**Extracted information**

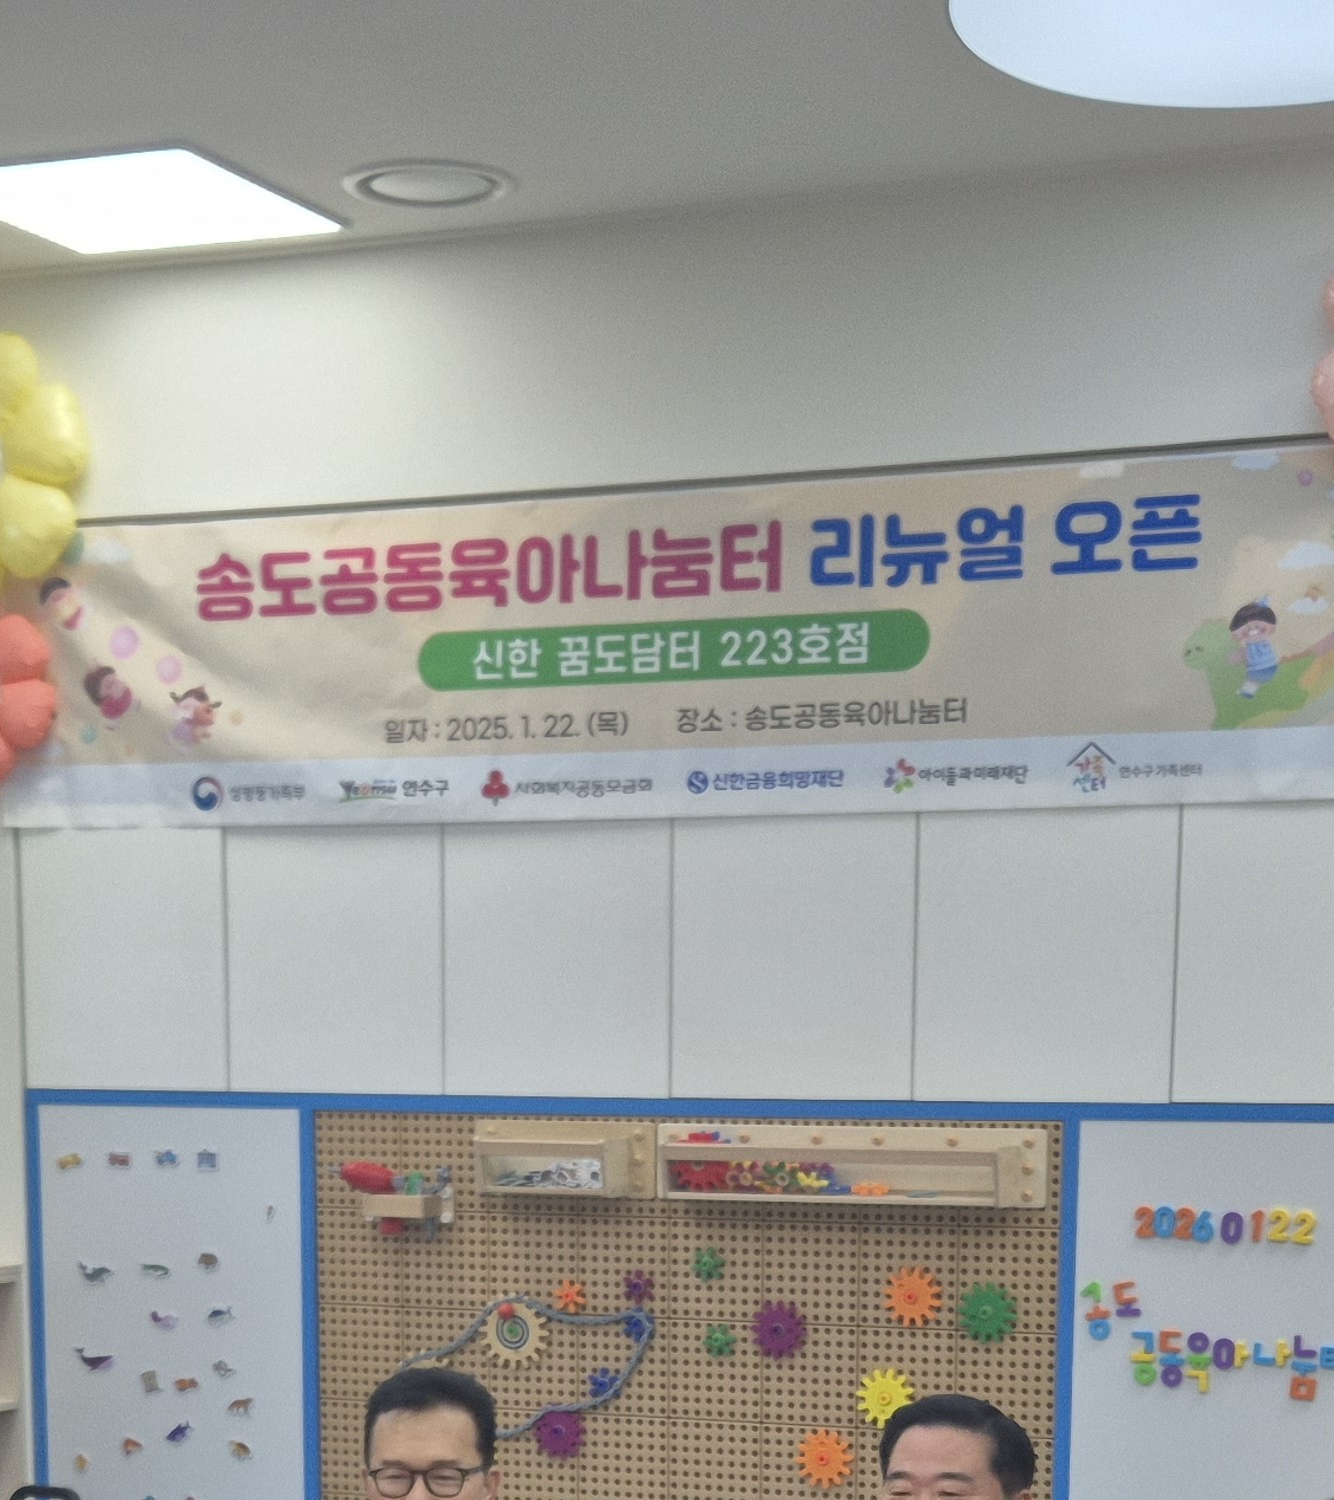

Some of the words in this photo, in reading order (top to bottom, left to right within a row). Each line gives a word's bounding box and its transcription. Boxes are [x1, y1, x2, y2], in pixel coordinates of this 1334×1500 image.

[196, 520, 782, 622] 송도공동육아나눔터
[810, 504, 1025, 588] 리뉴얼
[1050, 493, 1202, 575] 오픈
[473, 637, 543, 681] 신한
[558, 630, 702, 677] 꿈도담터
[720, 621, 870, 667] 223호점
[384, 718, 428, 744] 일자
[447, 716, 514, 742] 2025.
[544, 714, 581, 738] 22.
[588, 711, 630, 737] (목)
[676, 707, 724, 733] 장소
[744, 698, 968, 732] 송도공동육아나눔터
[402, 779, 450, 797] 연수구
[515, 778, 653, 799] 사회복지공동모금회
[713, 769, 844, 791] 신한금융희망재단
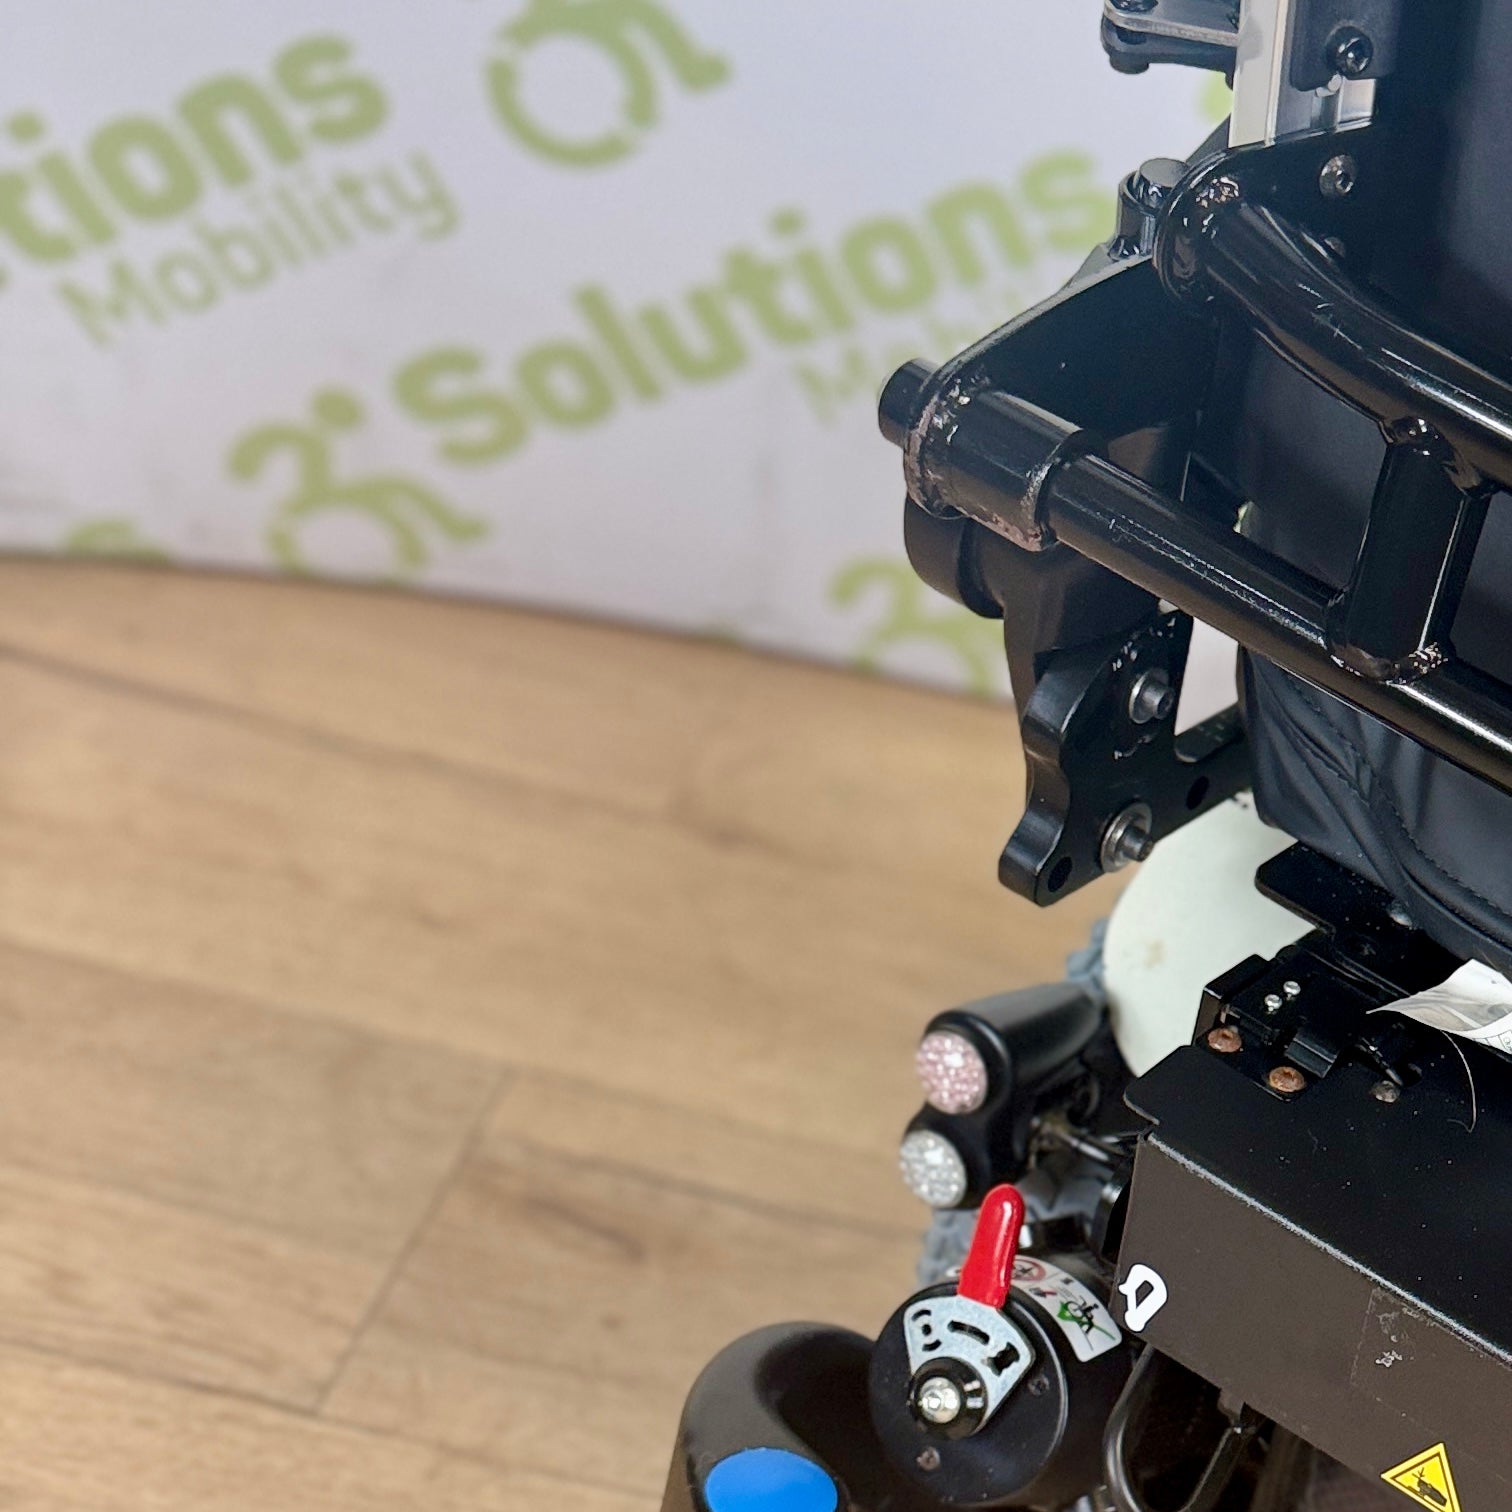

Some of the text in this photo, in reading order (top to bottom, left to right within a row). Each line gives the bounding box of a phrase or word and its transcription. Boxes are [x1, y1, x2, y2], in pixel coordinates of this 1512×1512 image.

[0, 32, 389, 265] tions
[55, 150, 462, 349] Mobility
[391, 147, 1116, 467] Solutions

**Exercise prompt**
Write out each entry exactly as given, but skip the pictures.

**Task output**
Some of the words in this photo, in reading order (top to bottom, left to right within a row). Each line gives a word's bounding box and its transcription. Boxes are [x1, y1, x2, y2], in pixel coordinates of this 1334×1500 image.

[196, 520, 782, 622] 송도공동육아나눔터
[810, 504, 1025, 588] 리뉴얼
[1050, 493, 1202, 575] 오픈
[473, 637, 543, 681] 신한
[558, 630, 702, 677] 꿈도담터
[720, 621, 870, 667] 223호점
[384, 718, 428, 744] 일자
[447, 716, 514, 742] 2025.
[544, 714, 581, 738] 22.
[588, 711, 630, 737] (목)
[676, 707, 724, 733] 장소
[744, 698, 968, 732] 송도공동육아나눔터
[402, 779, 450, 797] 연수구
[515, 778, 653, 799] 사회복지공동모금회
[713, 769, 844, 791] 신한금융희망재단

Some of the text in this photo, in reading order (top to bottom, left to right within a row). Each line gives the bounding box of a phrase or word and its transcription. Boxes are [x1, y1, x2, y2], in pixel coordinates of this 1512×1512 image.

[0, 32, 389, 265] tions
[55, 150, 462, 349] Mobility
[391, 147, 1116, 467] Solutions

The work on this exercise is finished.